Williams v. Taylor, 529 U.S. 362, 412–13 (2000) interprets this constraint on the power of the federal habeas court to grant a state prisoner’s petition: Under the “contrary to” clause, a federal habeas court may grant the writ if the state court arrives at a conclusion opposite to that reached by this Court on a question of law or if the state court decides a case differently than this Court has on a set of materially indistinguishable facts. Under the “unreasonable application” clause, a federal habeas court may grant the writ if the state court identifies the correct governing legal principle from this Court’s decisions but unreasonably applies that principle to the facts of the prisoner’s case.

Clearly established federal law refers to the holding of a U.S. Supreme Court’s opinion at the time of the relevant state court decision. Williams, 529 U.S. at 412. “[A]n unreasonable application of federal law is different from an incorrect or erroneous application of federal law.” Williams, 529 U.S. at 412 (italics in original). Even clear error is not enough. Virginia v. LeBlanc, 137 S. Ct. 1726, 1728 (2017). A federal petitioner must show that the state court’s ruling was “so lacking in justification that there was an error well understood and comprehended in existing law beyond any possibility of fairminded disagreement.” Harrington v. Richter, 562 U.S. 86, 103 (2011). “This is ‘meant to be’ a difficult standard to meet.” LeBlanc, 137 S. Ct. at 1728 (quoting Richter, 562 U.S. at 102). A factual determination by the state court is not unreasonable “merely because the federal habeas court would have reached a different conclusion in the first instance.” Wood v. Allen, 558 U.S. 290, 301 (2010). A federal habeas court may grant relief only if “in light of the evidence presented in the state court proceedings, no reasonable jurist would agree with the factual determinations upon which the state

court decision is based.” Raleigh v. Sec’y, Fla. Dep’t Corrs., 827 F.3d 938, 948–49 (11th Cir. 2016). A state court’s factual determinations are presumed correct, and a petitioner has the burden of rebutting that presumption by clear and convincing evidence. 28 U.S.C. § 2254(e)(1). “[AEDPA] modified a federal habeas court’s role in reviewing state prisoner applications in order to prevent federal habeas ‘retrials’ and to ensure that state-court convictions are given effect to the extent possible under law.” Bell v. Cone, 535 U.S.

685, 694 (2002). Consequently, “review under [Section] 2254(d)(1) is limited to the record that was before the state court that adjudicated the claim on the merits.” Cullen v. Pinholster, 563 U.S. 170, 181–82 (2011). Accord Landers v. Warden, Att’y Gen. of Ala., 776 F.3d 1288, 1294–95 (11th Cir. 2015) (applying Pinholster to Section 2254(d)(2)).

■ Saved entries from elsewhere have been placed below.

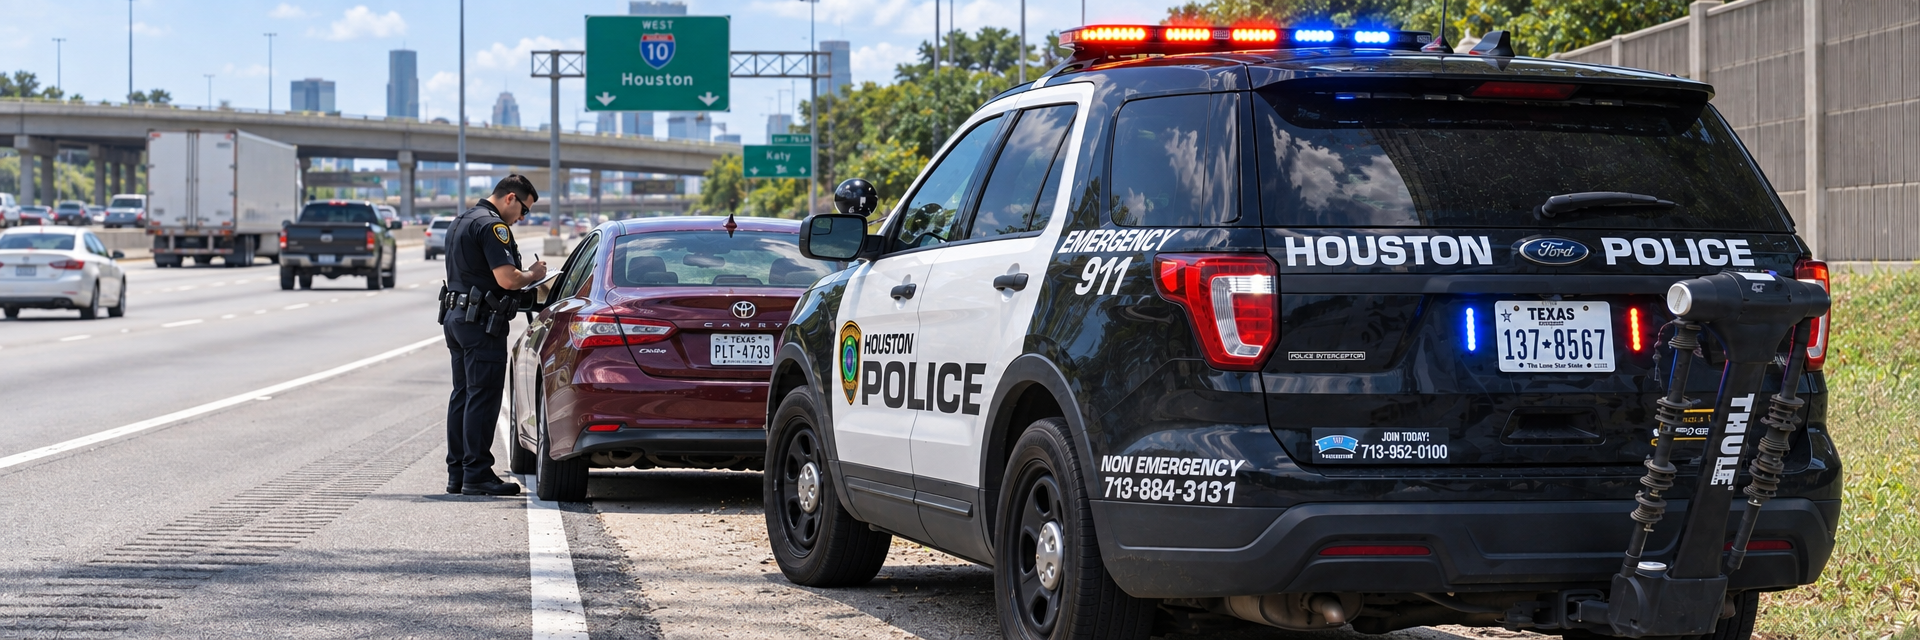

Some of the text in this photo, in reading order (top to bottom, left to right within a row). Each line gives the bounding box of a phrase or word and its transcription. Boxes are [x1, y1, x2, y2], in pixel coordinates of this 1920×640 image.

[642, 20, 673, 30] WEST
[647, 43, 669, 60] 10
[621, 72, 693, 86] Houston
[766, 150, 791, 162] Katy
[1057, 229, 1181, 253] EMERGENCY
[1285, 235, 1493, 266] HOUSTON
[1538, 241, 1575, 257] Ford
[1600, 237, 1755, 266] POLICE
[1075, 256, 1133, 295] 911
[1527, 307, 1575, 320] TEXAS
[864, 333, 914, 355] HOUSTON
[862, 360, 987, 416] POLICE
[1381, 432, 1430, 442] JOIN TODAY!
[1710, 393, 1755, 486] THULE
[1361, 444, 1448, 459] 713-952-0100
[1101, 455, 1245, 477] NON EMERGENCY
[1104, 476, 1236, 504] 713-884-3131

If the last state court to decide a federal claim explains its decision in a reasoned opinion, a federal habeas court reviews the specific reasons in the opinion and defers to those reasons if reasonable. Wilson v. Sellers, 138 S. Ct. 1188, 1192 (2018). If the last state court decision is without reasons, the federal court “should ‘look through’ the unexplained decision to the last related state-court decision that does provide a

relevant rationale [and] presume that the unexplained decision adopted the same reasoning.” Id. at 1192.